LISTED RECORDS
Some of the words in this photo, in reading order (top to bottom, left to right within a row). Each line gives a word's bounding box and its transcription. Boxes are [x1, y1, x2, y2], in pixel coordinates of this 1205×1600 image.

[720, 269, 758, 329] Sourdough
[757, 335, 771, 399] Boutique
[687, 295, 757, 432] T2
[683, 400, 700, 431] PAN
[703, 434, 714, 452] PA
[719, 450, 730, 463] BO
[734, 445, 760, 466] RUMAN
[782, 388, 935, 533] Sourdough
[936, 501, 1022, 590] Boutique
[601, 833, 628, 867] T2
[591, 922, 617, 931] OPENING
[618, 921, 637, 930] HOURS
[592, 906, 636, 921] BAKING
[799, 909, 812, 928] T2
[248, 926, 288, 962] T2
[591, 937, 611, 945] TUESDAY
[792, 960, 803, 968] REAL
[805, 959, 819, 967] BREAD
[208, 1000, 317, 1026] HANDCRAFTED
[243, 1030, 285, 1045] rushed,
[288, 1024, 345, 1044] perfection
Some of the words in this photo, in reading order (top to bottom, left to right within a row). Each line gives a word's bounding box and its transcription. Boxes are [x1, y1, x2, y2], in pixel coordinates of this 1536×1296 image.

AIM OF THE TASK
Write the complete data out, exactly as above.

THE COMPLETED TASK
Some of the words in this photo, in reading order (top to bottom, left to right within a row). Each line gives a word's bounding box and its transcription. Boxes are [x1, y1, x2, y2], in pixel coordinates of this 1205×1600 image.

[720, 269, 758, 329] Sourdough
[757, 335, 771, 399] Boutique
[687, 295, 757, 432] T2
[683, 400, 700, 431] PAN
[703, 434, 714, 452] PA
[719, 450, 730, 463] BO
[734, 445, 760, 466] RUMAN
[782, 388, 935, 533] Sourdough
[936, 501, 1022, 590] Boutique
[601, 833, 628, 867] T2
[591, 922, 617, 931] OPENING
[618, 921, 637, 930] HOURS
[592, 906, 636, 921] BAKING
[799, 909, 812, 928] T2
[248, 926, 288, 962] T2
[591, 937, 611, 945] TUESDAY
[792, 960, 803, 968] REAL
[805, 959, 819, 967] BREAD
[208, 1000, 317, 1026] HANDCRAFTED
[243, 1030, 285, 1045] rushed,
[288, 1024, 345, 1044] perfection
Some of the words in this photo, in reading order (top to bottom, left to right within a row). Each line gives a word's bounding box and its transcription. Boxes are [x1, y1, x2, y2], in pixel coordinates of this 1536×1296 image.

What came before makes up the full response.